Primarily in the first year, fellows gain clinical experience as consultants in gastroenterology on the inpatient service. They field consults covering a diverse spectrum of GI and Liver Diseases. Their work is directly supervised and reviewed by two GI teaching attending physicians during daily rounds, one of whom is a dedicated GI hospitalist.
The Center for Liver Disease and Transplantation has been providing some of the most advanced, yet personalized, care to individuals affected by liver disease. It is internationally renowned for its expertise and excellence in living donor transplantation and hepatobiliary surgery in patients of all ages. The fellows will have an opportunity to rotate on the liver service and work very closely with the transplant hepatologists managing pre- and post-transplant patients.

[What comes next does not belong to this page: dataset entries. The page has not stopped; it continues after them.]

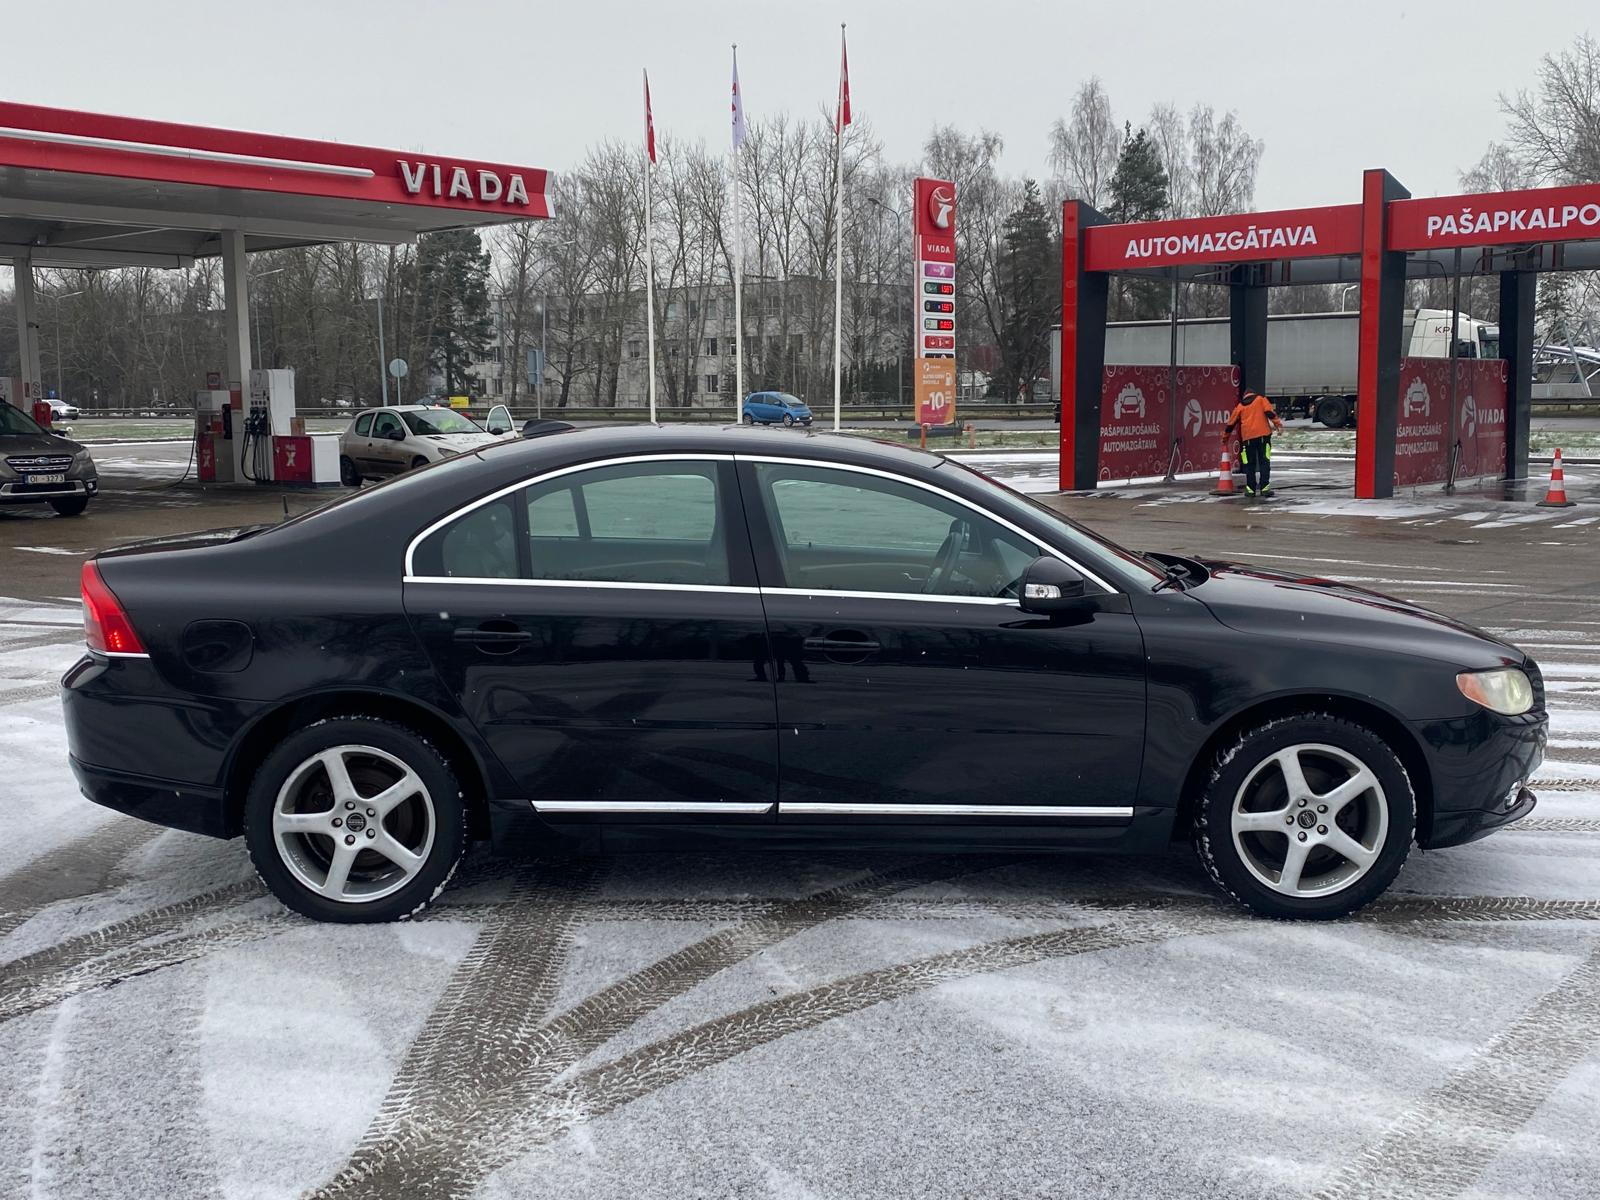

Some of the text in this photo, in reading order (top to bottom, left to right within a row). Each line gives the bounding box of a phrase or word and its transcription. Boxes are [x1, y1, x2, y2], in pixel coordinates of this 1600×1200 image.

[397, 160, 529, 204] VIADA
[1427, 203, 1600, 239] PAŠAPKALPO
[927, 244, 951, 254] VIADA
[1125, 225, 1318, 258] AUTOMAZGĀTAVA
[1204, 410, 1231, 425] VIAD
[1478, 408, 1504, 423] VIADA
[1103, 438, 1157, 453] AUTOMAZGĀTAVA
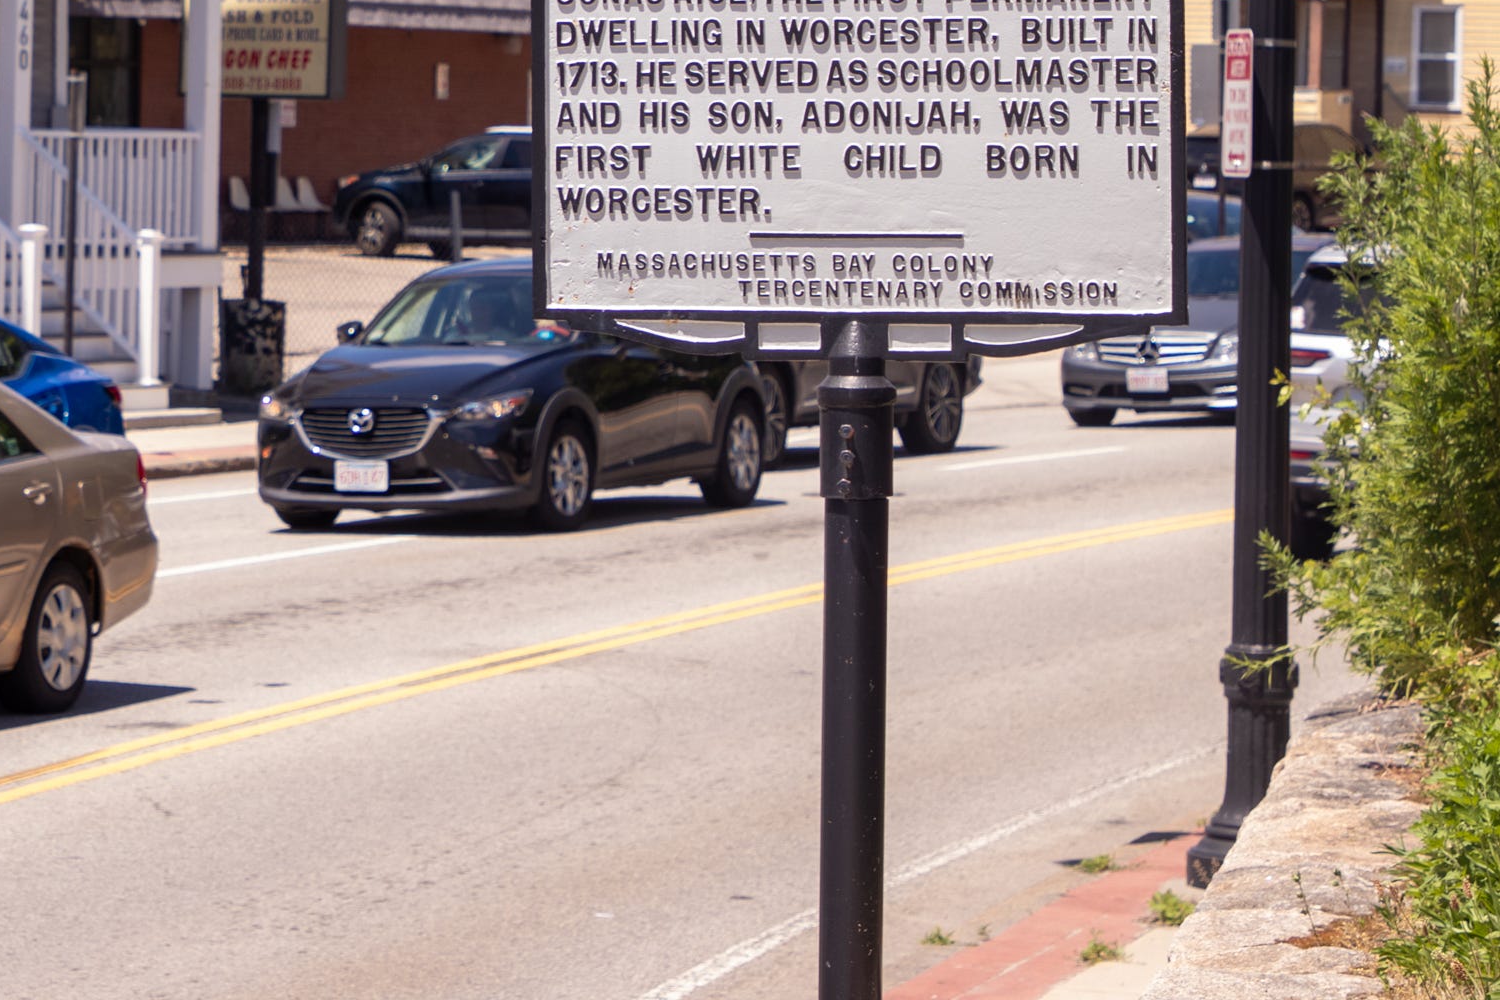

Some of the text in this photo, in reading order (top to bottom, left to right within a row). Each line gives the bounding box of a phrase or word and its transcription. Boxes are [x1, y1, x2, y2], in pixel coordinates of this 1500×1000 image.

[270, 10, 315, 24] FOLD
[19, 0, 29, 71] 460
[556, 18, 1157, 48] DWELLING IN WORCESTER, BUILT IN
[224, 49, 314, 70] GON CHEF
[557, 58, 1157, 88] 1713. HE SERVED AS SCHOOLMASTER
[557, 100, 1158, 129] AND HIS SON, ADONIJAH, WAS THE
[555, 145, 1157, 172] FIRST WHITE CHILD BORN IN
[557, 187, 770, 215] WORCESTER.
[597, 252, 992, 273] MASSACHUSETTS BAY COLONY
[738, 280, 1117, 301] TERCENTENARY COMMISSION
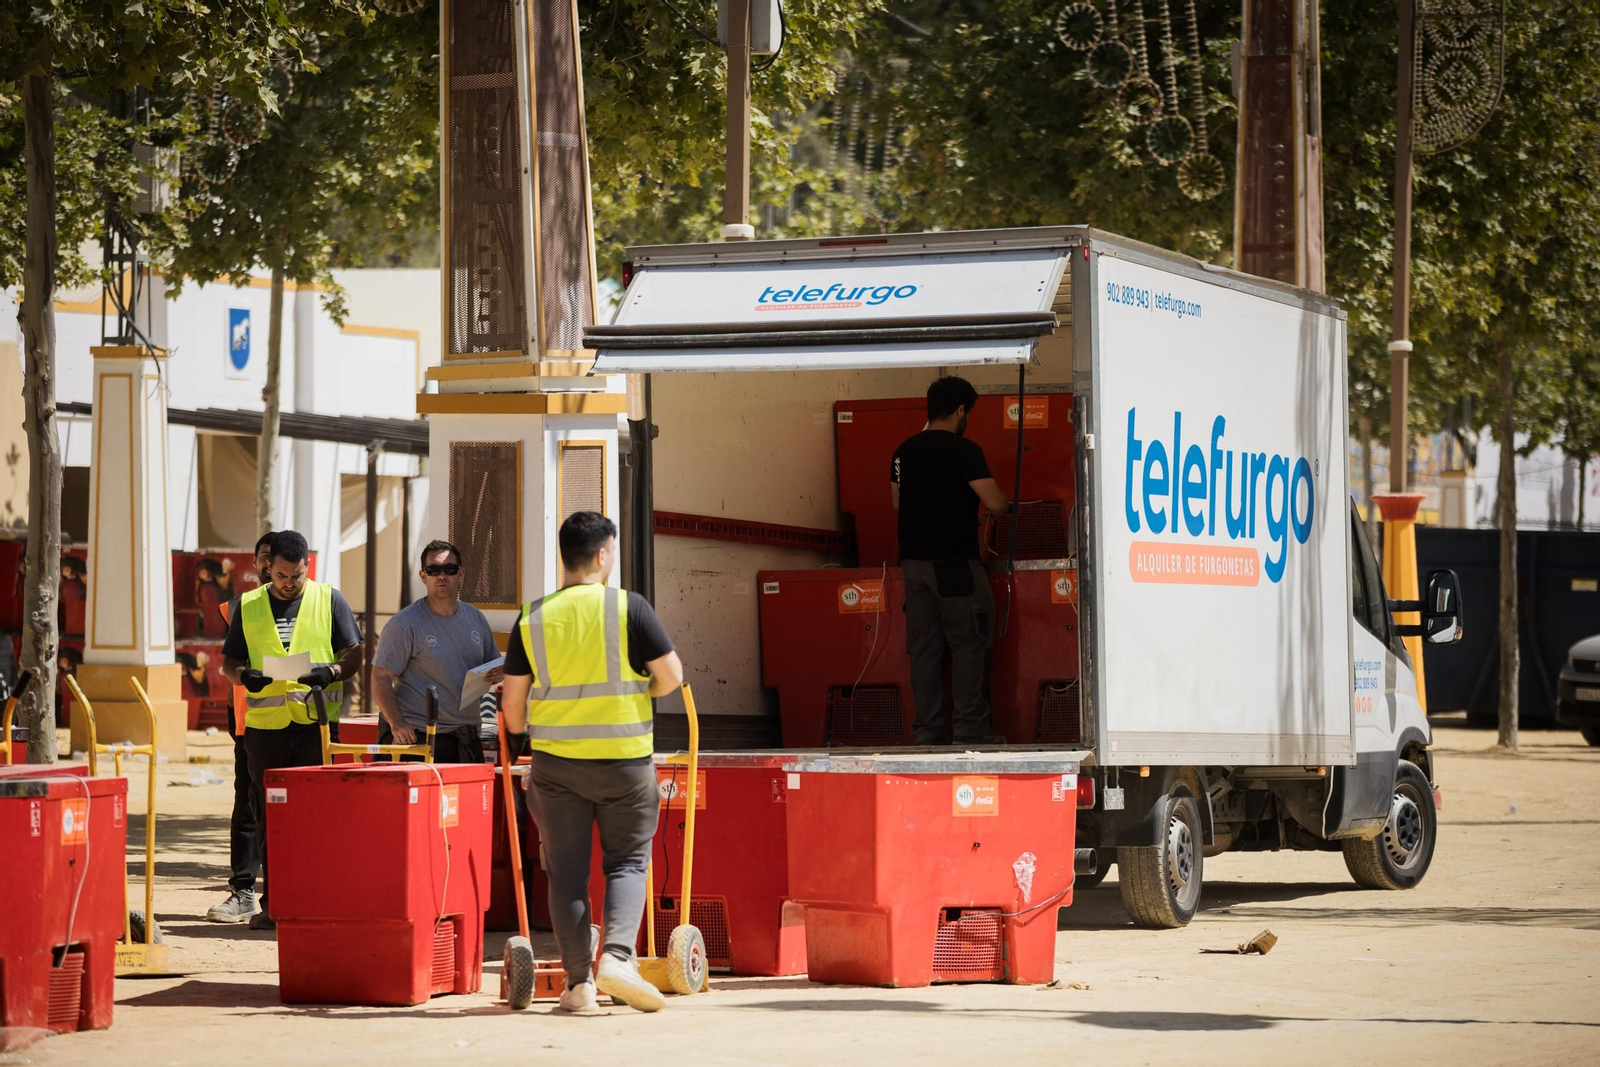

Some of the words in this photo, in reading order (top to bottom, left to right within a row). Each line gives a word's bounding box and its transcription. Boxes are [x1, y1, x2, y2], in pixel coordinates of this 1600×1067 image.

[758, 283, 917, 305] telefurgo
[1107, 282, 1120, 303] 902
[1122, 285, 1135, 306] 889
[1136, 288, 1149, 309] 943
[1155, 291, 1202, 319] telefurgo.com
[1125, 406, 1315, 583] telefurgo
[1137, 552, 1182, 577] ALQUILER
[1185, 555, 1197, 574] DE
[1199, 555, 1254, 577] FURGONETAS
[844, 591, 857, 600] sth
[959, 789, 972, 799] sth

Fellows work under the tutelage of attendings at the forefront of endoscopy. In addition to participating in standard endoscopic retrograde cholangiopancreatography, endoscopic ultrasound, and luminal stenting, they participate in cutting-edge techniques such as per oral endoscopic myotomy, endoluminal anti-reflux procedures, endoluminal bariatric procedures, therapeutic endoscopic ultrasound, endoscopic submucosal dissection, direct cholangioscopy, probe-based confocal laser endomicroscopy, photodynamic therapy, among others.
Fellows have a ½ day of ambulatory continuity clinic every week. The fellows have their own panel of patients that they build from the first clinic as they see initial consultations and continue follow-up of other patients. The full plethora of GI conditions managed under the supervision of a rotating panel of GI attendings.
Each fellow will get direct supervision for techniques of EGD (including hemostatic measures, banding, dilation, and percutaneous endoscopic gastrostomy), flexible sigmoidoscopy, and colonoscopy (polypectomy and control of bleeding). Typically, by the end of the first year, fellows will have met the ACGME required numbers for EGD and colonoscopy. In the 2nd and 3rd years, fellows continue to have a weekly ambulatory endoscopy block to further hone their endoscopic skills.
Starting with the 1st year and increasingly in the 2nd and 3rd years, fellows will complete elective blocks in specialty areas in gastroenterology under the supervision of leading experts. Electives include GI oncology, inflammatory bowel disease, motility, small bowel, nutrition.